My Side of the Story

The very thing that turned me away from the Church brought me back wholeheartedly! This is my side of the story…

Born and raised in Philadelphia, I attended a Catholic school like most of my friends. Our family attended Mass only on Christmas and Easter. I learned about the sacraments in school, but mostly I memorized the correct answers to get them right on a test. I was a good kid. I didn’t struggle with any major sins. My friends teased that I’d probably become a nun because I was such a goodie two-shoes. But I wasn’t connecting well with my faith. And after a bad confession experience in fourth grade, I decided never to return. I turned away from the Church.

After high school I worked as a server at the Olive Garden. One of my coworkers was an incredibly handsome guy named Keith. A talented musician and a strong Christian, Keith invited me to his non-denominational church, and I loved it. We attended together often, but soon Keith accepted a position as a youth pastor in his home state of Iowa. We missed each other terribly, so I followed him. We married in 1996, and everything was perfect: Keith loved his job at the church: the congregation took wonderful care of us, we had three beautiful children, and I loved us being a pastor’s family. We served there and at a handful of other churches for two decades. Ministry had its ups and downs, but we loved it.

The Tipping Point

Then, after 22 years as a pastor, Keith announced one day, “I think God is calling me to quit my job and convert to Catholicism.” I was shocked, even as I learned that he had been privately considering Catholicism for a long time. He had read books about Catholicism and discussed the faith with priests and catholic friends. What he discovered about the Church Fathers, the sacraments, and the papacy had shaken him to his core, but he had kept going. I loved his new excitement, but I wasn’t interested and didn’t think he’d go through with it. There was no way the Keith I knew would convert to the dull and lifeless religion of my upbringing. But the more I noticed Keith light up when he spoke about converting, the more I panicked. The kids were getting older and had grown up in churches they loved; even if we wanted to, we couldn’t make them convert. “God can’t want to divide our home,” I thought…

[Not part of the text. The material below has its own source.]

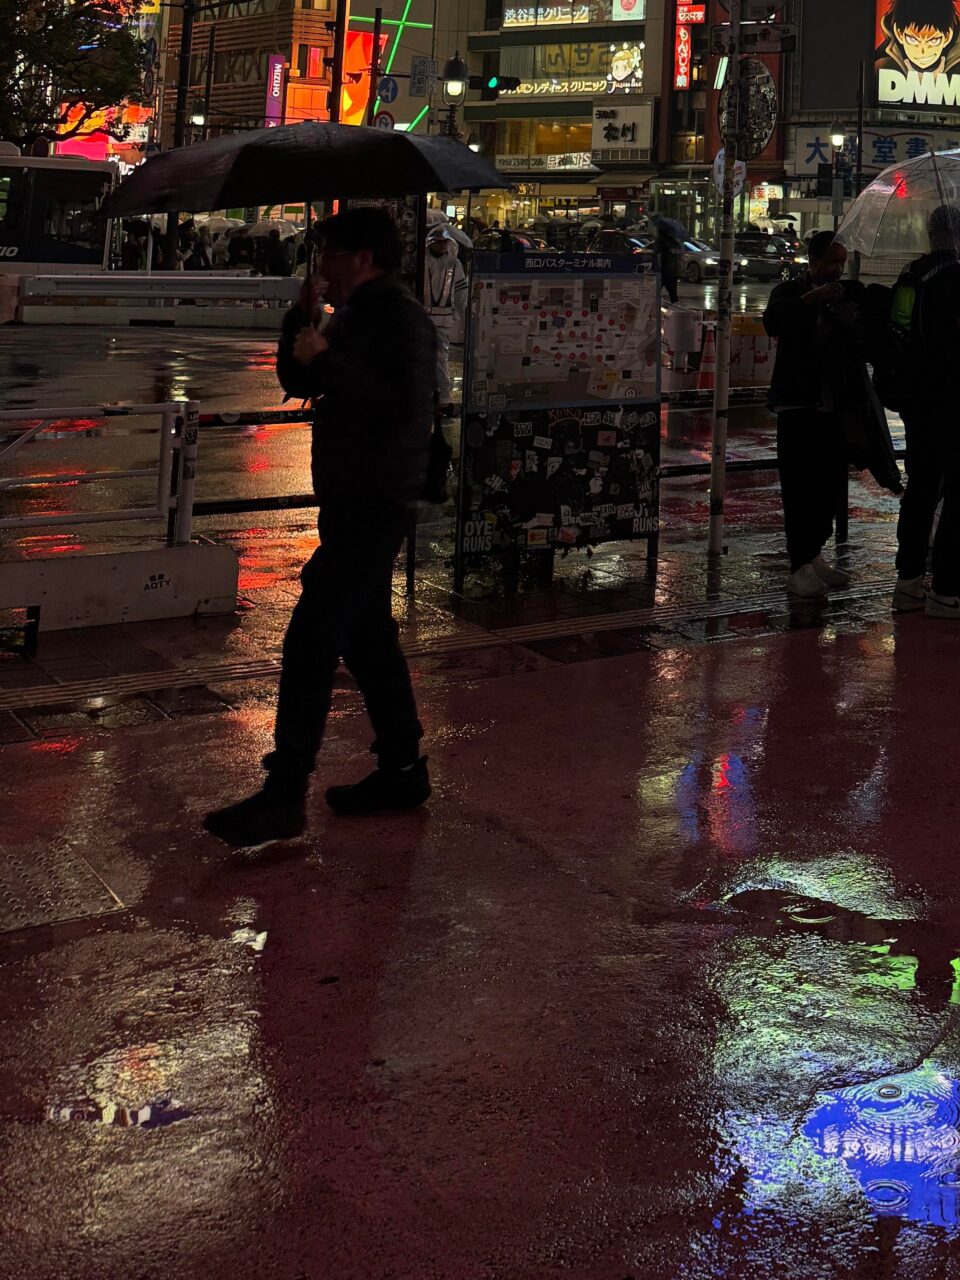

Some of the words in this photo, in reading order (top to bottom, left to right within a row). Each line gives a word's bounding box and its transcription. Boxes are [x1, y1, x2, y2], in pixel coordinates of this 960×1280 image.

How could I go back to what meant so little to me as a child, especially since my new Protestant faith kept me fulfilled. I’d need to work through things like Confession—something I never wanted to do again. I secretly hoped this was just a phase Keith would soon get over. The tipping point for Keith came after a Catholic apologetics talk where he felt God speaking directly to him. He came home and said, “That’s it, I’m doing this. I’m converting. I don’t know what we will do for money, but I know that God is calling me to this; we will figure it out.” The next day, he told his church he was resigning. Now I had to decide what to do.

After months of prayer, I ultimately followed Keith to the Catholic Church. I felt it was best for our kids to see their mom follow their dad’s lead in faith, but they decided to stay at their Protestant churches. It was exciting to see Keith so passionate about his conversion, but I had a more challenging time than I thought I would. I cried at every Mass for about three months. Our family had worshipped together for the past 22 years. Now, we were painfully scattered. In addition, I was upset that Keith wasn’t using his gifts for ministry in the Catholic Church. Since God called him to quit his job, I expected there’d be an incredible ministry waiting for him. I believed God had a plan for Keith, but what was it? Keith was content attending Mass and soaking it all in, but I wanted to see God use him in some new way.

A Wonderful Trip

After a few months of attending Mass, I became more open to the faith. I started asking questions and learning why we do what we do. I began opening my heart to the Mass and started loving it. The people in our parish were beautiful examples of what being Catholic is all about. I loved the scripture-filled Mass, the incense, holy water, and sacraments. I loved the devotions, and of course, the Eucharist. Had I learned more about the Eucharist as a child, I couldn’t have walked away so easily.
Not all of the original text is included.